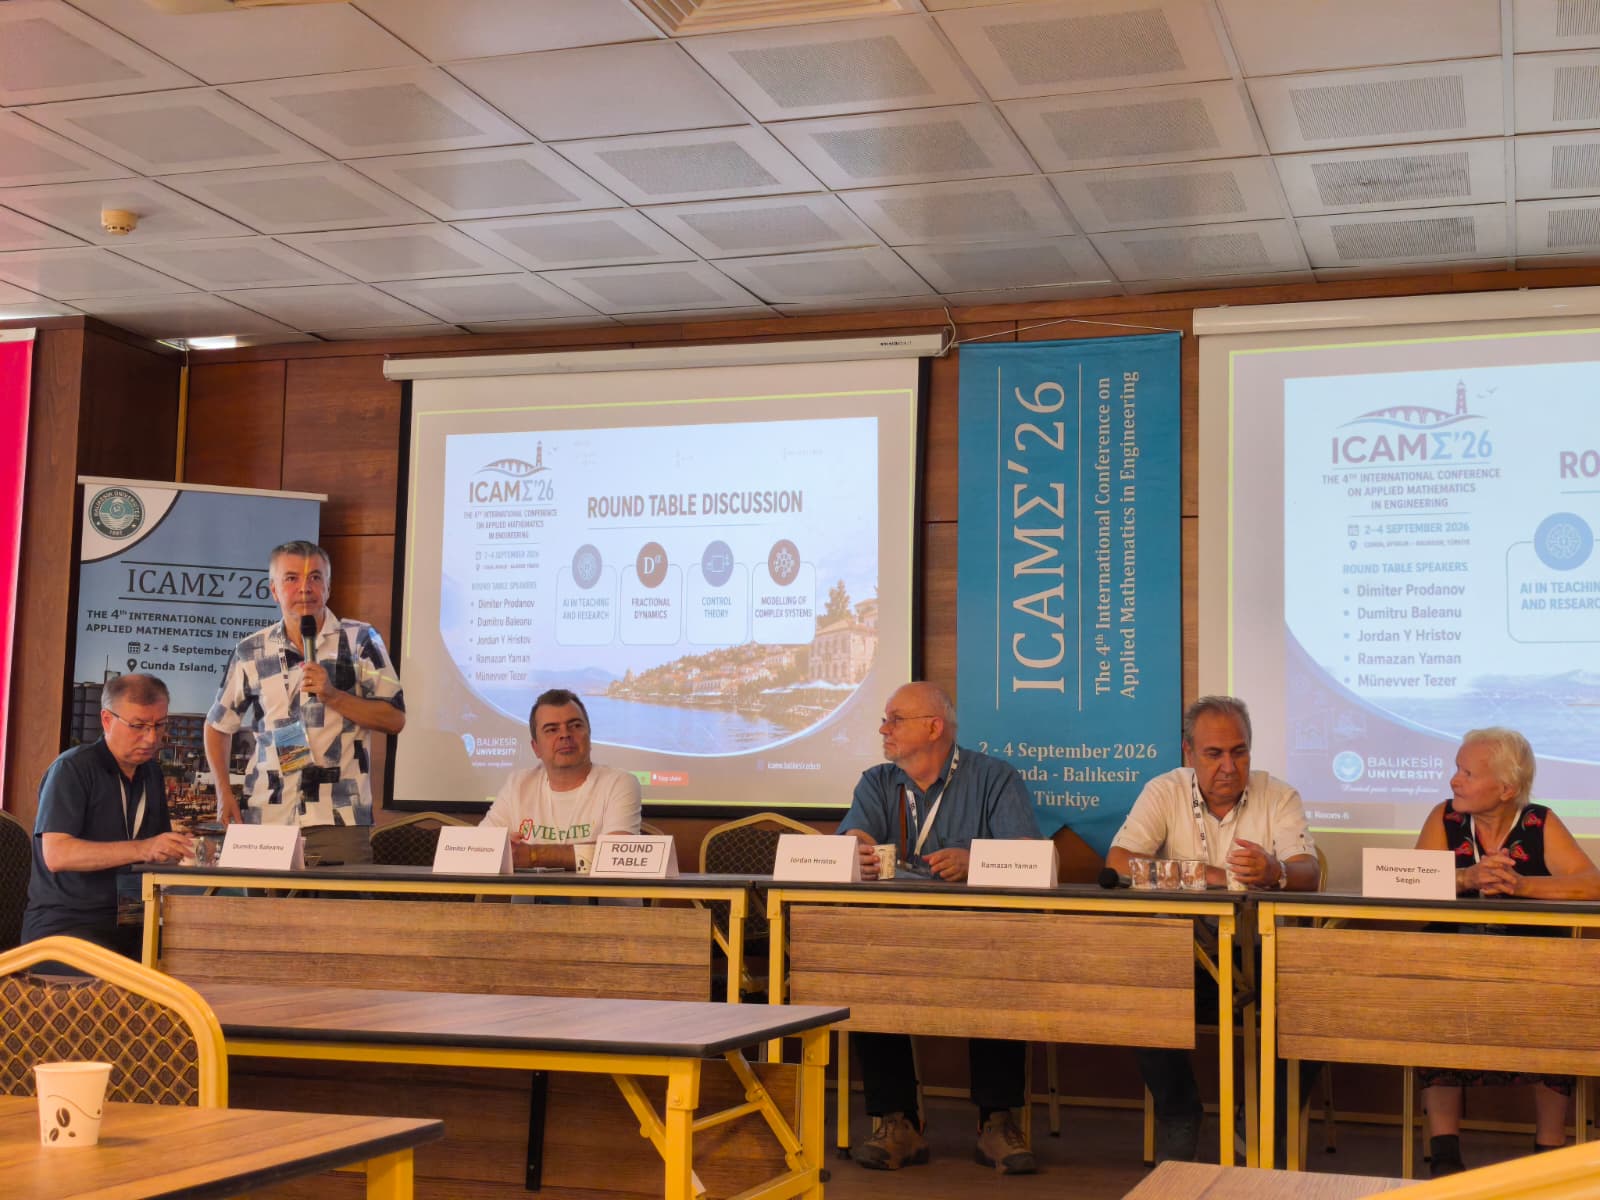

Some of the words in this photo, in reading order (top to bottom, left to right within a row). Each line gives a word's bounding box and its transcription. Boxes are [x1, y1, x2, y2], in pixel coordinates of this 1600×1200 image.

[1099, 377, 1111, 400] on
[1120, 371, 1139, 480] Engineering
[1095, 403, 1111, 505] Conference
[1322, 475, 1339, 484] THE
[1360, 471, 1434, 483] INTERNATIONAL
[1438, 468, 1500, 480] CONFERENCE
[1120, 486, 1136, 503] in
[1348, 488, 1361, 496] ON
[1364, 486, 1404, 496] APPLIED
[1406, 484, 1476, 494] MATHEMATICS
[587, 495, 644, 518] ROUND
[649, 493, 696, 517] TABLE
[702, 490, 803, 515] DISCUSSION
[1371, 500, 1382, 510] IN
[1384, 498, 1448, 510] ENGINEERING
[1386, 523, 1442, 534] SEPTEMBER
[1095, 510, 1111, 629] International
[1120, 508, 1136, 623] Mathematics
[1343, 564, 1380, 574] ROUND
[1382, 563, 1412, 573] TABLE
[1416, 562, 1468, 572] SPEAKERS
[1357, 584, 1402, 597] Dimiter
[1406, 583, 1465, 596] Prodanov
[1520, 582, 1532, 594] AI
[1535, 582, 1547, 594] IN
[632, 598, 670, 607] FRACTIONAL
[702, 596, 732, 606] CONTROL
[761, 596, 797, 605] MODELLING
[1521, 598, 1546, 610] AND
[87, 610, 108, 619] THE
[129, 612, 216, 625] INTERNATIONAL
[220, 616, 280, 627] CONFEREN
[634, 610, 668, 620] DYNAMICS
[704, 609, 728, 618] THEORY
[754, 609, 783, 618] COMPLEX
[785, 608, 812, 618] SYSTEMS
[1357, 607, 1407, 620] Dumitru
[1411, 606, 1462, 618] Baleanu
[86, 624, 132, 634] APPLIED
[136, 626, 212, 638] MATHEMATICS
[216, 629, 228, 639] IN
[1358, 630, 1400, 642] Jordan
[1404, 630, 1412, 641] Y
[1416, 628, 1462, 641] Hristov
[143, 643, 150, 652] 2
[162, 644, 168, 652] 4
[172, 644, 234, 656] September
[1095, 634, 1111, 656] 4th
[1120, 628, 1139, 699] Applied
[1358, 652, 1414, 664] Ramazan
[1419, 652, 1462, 664] Yaman
[140, 660, 176, 671] Cunda
[179, 662, 217, 674] Island,
[1095, 660, 1111, 696] The
[1358, 674, 1419, 688] Münevver
[1424, 674, 1456, 686] Tezer
[979, 742, 988, 755] 2
[1003, 742, 1014, 756] 4
[1018, 742, 1110, 762] September
[1114, 743, 1158, 759] 2026
[1016, 765, 1048, 781] nda
[1368, 770, 1444, 780] UNIVERSITY
[1034, 790, 1100, 810] Türkiye
[612, 844, 653, 853] ROUND
[612, 857, 648, 866] TABLE
[1014, 862, 1038, 870] Yaman
[1376, 864, 1416, 872] Münevver
[1395, 876, 1421, 884] Sezgin

Problem to solve => Set down the material above exactly. Skip any picture.

Written answer =>
Some of the words in this photo, in reading order (top to bottom, left to right within a row). Each line gives a word's bounding box and its transcription. Boxes are [x1, y1, x2, y2], in pixel coordinates of this 1600×1200 image.

[1099, 377, 1111, 400] on
[1120, 371, 1139, 480] Engineering
[1095, 403, 1111, 505] Conference
[1322, 475, 1339, 484] THE
[1360, 471, 1434, 483] INTERNATIONAL
[1438, 468, 1500, 480] CONFERENCE
[1120, 486, 1136, 503] in
[1348, 488, 1361, 496] ON
[1364, 486, 1404, 496] APPLIED
[1406, 484, 1476, 494] MATHEMATICS
[587, 495, 644, 518] ROUND
[649, 493, 696, 517] TABLE
[702, 490, 803, 515] DISCUSSION
[1371, 500, 1382, 510] IN
[1384, 498, 1448, 510] ENGINEERING
[1386, 523, 1442, 534] SEPTEMBER
[1095, 510, 1111, 629] International
[1120, 508, 1136, 623] Mathematics
[1343, 564, 1380, 574] ROUND
[1382, 563, 1412, 573] TABLE
[1416, 562, 1468, 572] SPEAKERS
[1357, 584, 1402, 597] Dimiter
[1406, 583, 1465, 596] Prodanov
[1520, 582, 1532, 594] AI
[1535, 582, 1547, 594] IN
[632, 598, 670, 607] FRACTIONAL
[702, 596, 732, 606] CONTROL
[761, 596, 797, 605] MODELLING
[1521, 598, 1546, 610] AND
[87, 610, 108, 619] THE
[129, 612, 216, 625] INTERNATIONAL
[220, 616, 280, 627] CONFEREN
[634, 610, 668, 620] DYNAMICS
[704, 609, 728, 618] THEORY
[754, 609, 783, 618] COMPLEX
[785, 608, 812, 618] SYSTEMS
[1357, 607, 1407, 620] Dumitru
[1411, 606, 1462, 618] Baleanu
[86, 624, 132, 634] APPLIED
[136, 626, 212, 638] MATHEMATICS
[216, 629, 228, 639] IN
[1358, 630, 1400, 642] Jordan
[1404, 630, 1412, 641] Y
[1416, 628, 1462, 641] Hristov
[143, 643, 150, 652] 2
[162, 644, 168, 652] 4
[172, 644, 234, 656] September
[1095, 634, 1111, 656] 4th
[1120, 628, 1139, 699] Applied
[1358, 652, 1414, 664] Ramazan
[1419, 652, 1462, 664] Yaman
[140, 660, 176, 671] Cunda
[179, 662, 217, 674] Island,
[1095, 660, 1111, 696] The
[1358, 674, 1419, 688] Münevver
[1424, 674, 1456, 686] Tezer
[979, 742, 988, 755] 2
[1003, 742, 1014, 756] 4
[1018, 742, 1110, 762] September
[1114, 743, 1158, 759] 2026
[1016, 765, 1048, 781] nda
[1368, 770, 1444, 780] UNIVERSITY
[1034, 790, 1100, 810] Türkiye
[612, 844, 653, 853] ROUND
[612, 857, 648, 866] TABLE
[1014, 862, 1038, 870] Yaman
[1376, 864, 1416, 872] Münevver
[1395, 876, 1421, 884] Sezgin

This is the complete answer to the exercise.